Он улыбнулся плотно сжатыми губами, как улыбалась мне Ирана тогда, в Москве.
— А ты что, думаешь, она тебе свои посылает?
— В таком случае, вы щедры сегодня, как никогда. Верно, загнали выгодно парочку-другую истребителей в Сербию или уже торгуете индивидуальными пакетами? А может, выгодно обменяли установки «Град» на женские прокладки?
— Ах, вот оно что… — Он медленно, с каким-то вафельным хрустом сжимает в кулаке свеженькие деньги и сокрушенно качает головой. — Марк поможет тебе с билетом. Улетишь завтра же. Это все, что я могу для тебя сделать. Поверь старику, это очень много. Очень.
Заур-муаллим сует смятые деньги в карман.
Рамин притих на пожарной лестнице.
И я тоже не знал, что и сказать.
Он воспользовался паузой, приподнявшей его в наших глазах.
— Матери ни слова, Иране тоже. Если еще надеешься каким-то образом догулять отпуск, не советую. Начинаешь сильно мешать, причем всем.
— Отправьте меня в Гянджу, на вашу базу, как тех манекенов.
— Я мог бы тебя отправить дальше, еще дальше, если бы… Когда-нибудь потом ты поймешь старика Заура, поймешь и, надеюсь, оценишь по-настоящему.
Он отодвигает меня, как отодвинул бы портьеру датский принц Гамлет, за которой уже нечто случилось (этот красноречивый жест — как подошел бы ему «Хор скованных холодом» Перселла — говорит о том, что для него — меня нет, и не было никогда.) Он идет мимо мусорных ящиков — наверняка чувствует мой взгляд, — вот обойдет сейчас крышку канализационного люка, которая вечно ухает в темноте, — обернется. (Обошел, но не обернулся.) Я смотрю на его спину и думаю о том, как же перепутываются роли в жизни, это ведь я почти как Гамлет, это ведь мне судьба в руку вложила кинжал, чтобы я нанес удар через портьеру, за которой прячется… блистательный исполнитель сразу двух ролей. А потом таким вот выверенным жестом отодвинуть бы тяжелый пыльный бархат, за которым…
Рамин быстро спускается с шаткой лестницы.
Он сейчас (судя по окнам) на высоте второго этажа, но я все равно боюсь за него, боюсь даже предупредить его, чтобы слезал осторожней.
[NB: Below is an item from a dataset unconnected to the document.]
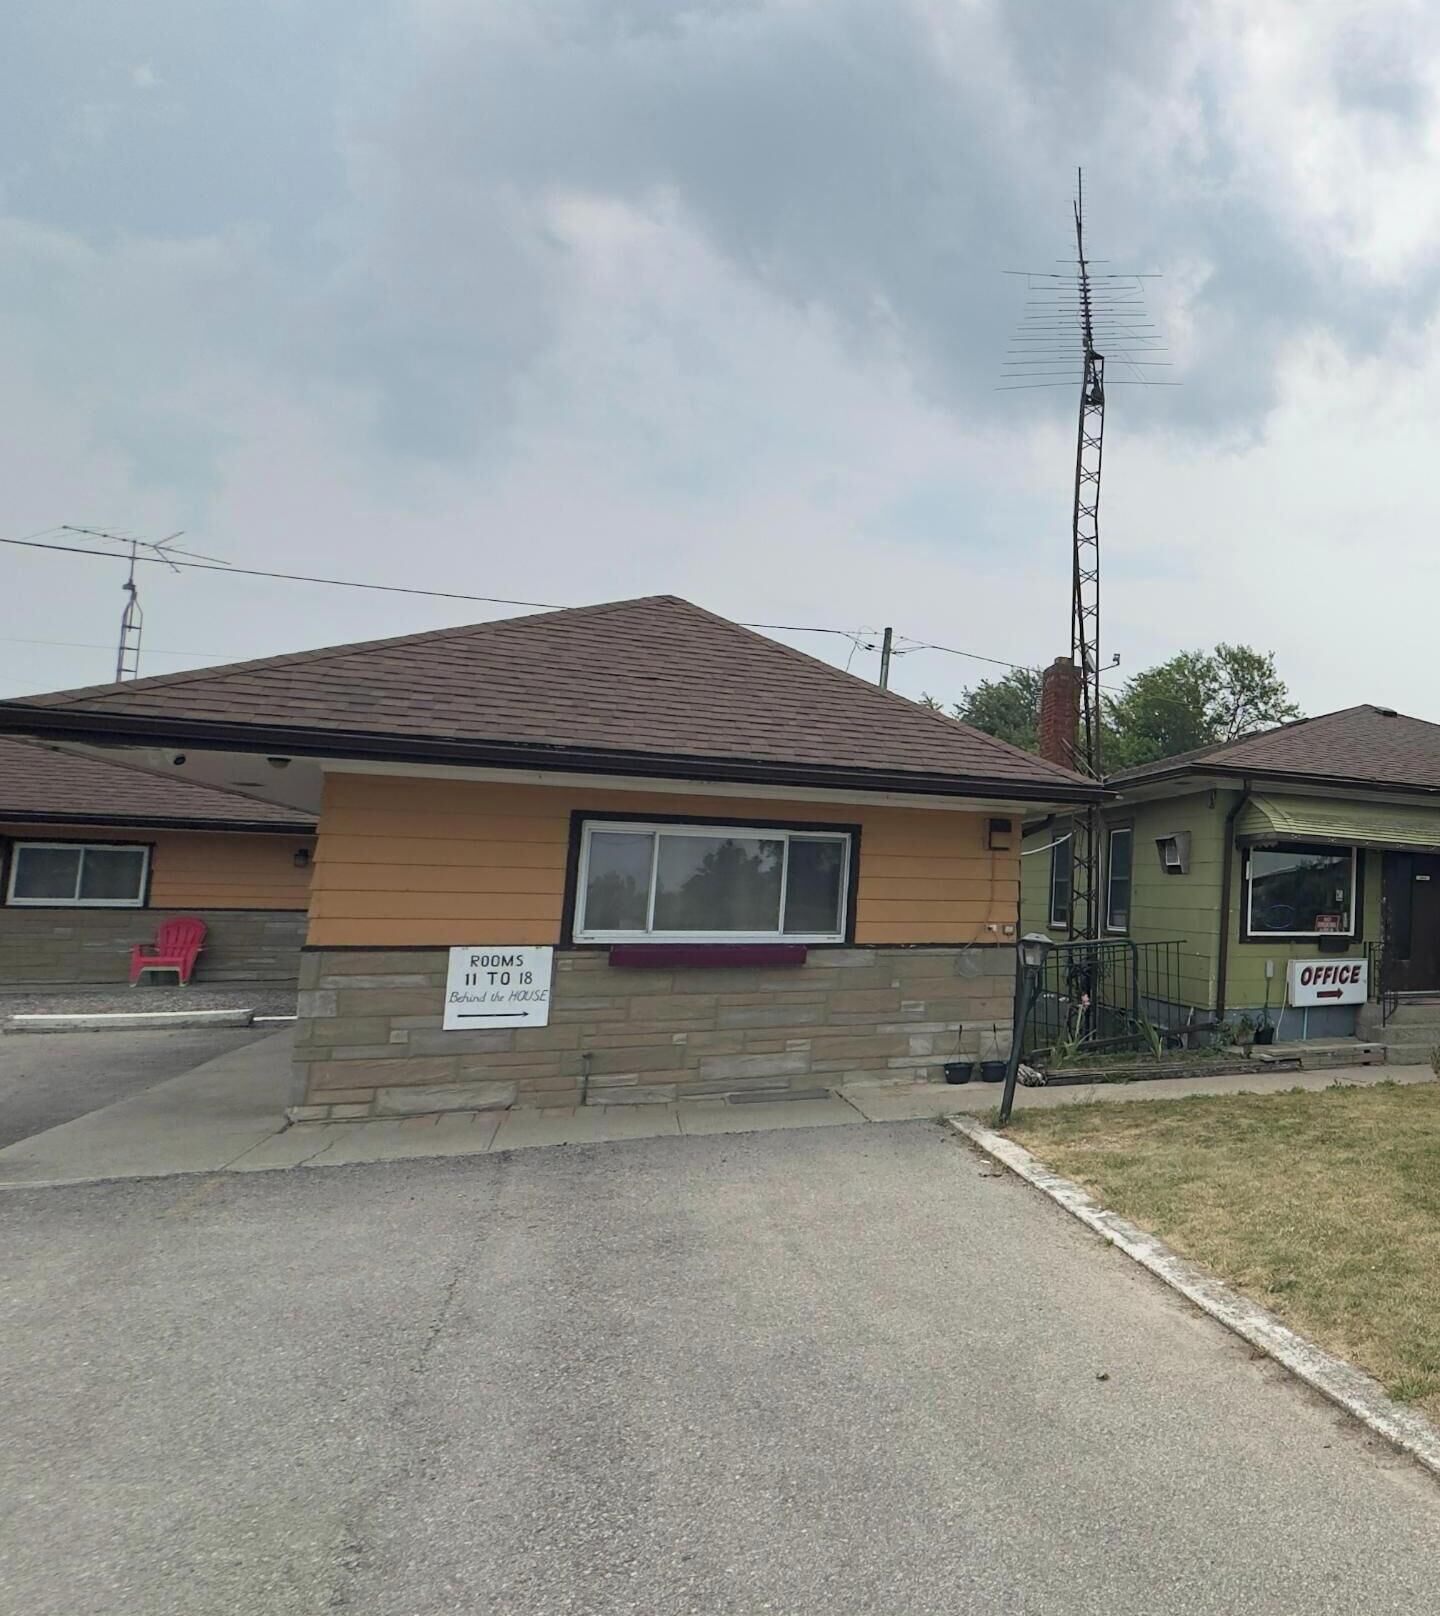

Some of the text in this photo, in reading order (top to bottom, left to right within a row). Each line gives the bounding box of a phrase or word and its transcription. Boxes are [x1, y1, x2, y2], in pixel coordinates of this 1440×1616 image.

— Не уходи, Илья, подожди.
Пока мы поднимались на третий этаж, он все выпытывал у меня, что означает слово «выблядок», я постарался объяснить ему, что не стоит этому слову придавать какое-то особое значение, оно просто обычное ругательство в длинной череде других, с которыми он уже наверняка успел познакомиться на школьных партах и на нашей улице. Не знаю, поверил ли мне мальчишка.
— Илья, ты завтра уедешь или еще немножко побудешь? — спрашивает он уже у своей двери.
— Думаю, еще побуду.
Он помигал мне фонариком и немного погодя согнулся церемонно над половиком: пропустил вперед себя вылепленное из воздуха парадного «Ваше Высочество», после чего закрыл за собою дверь.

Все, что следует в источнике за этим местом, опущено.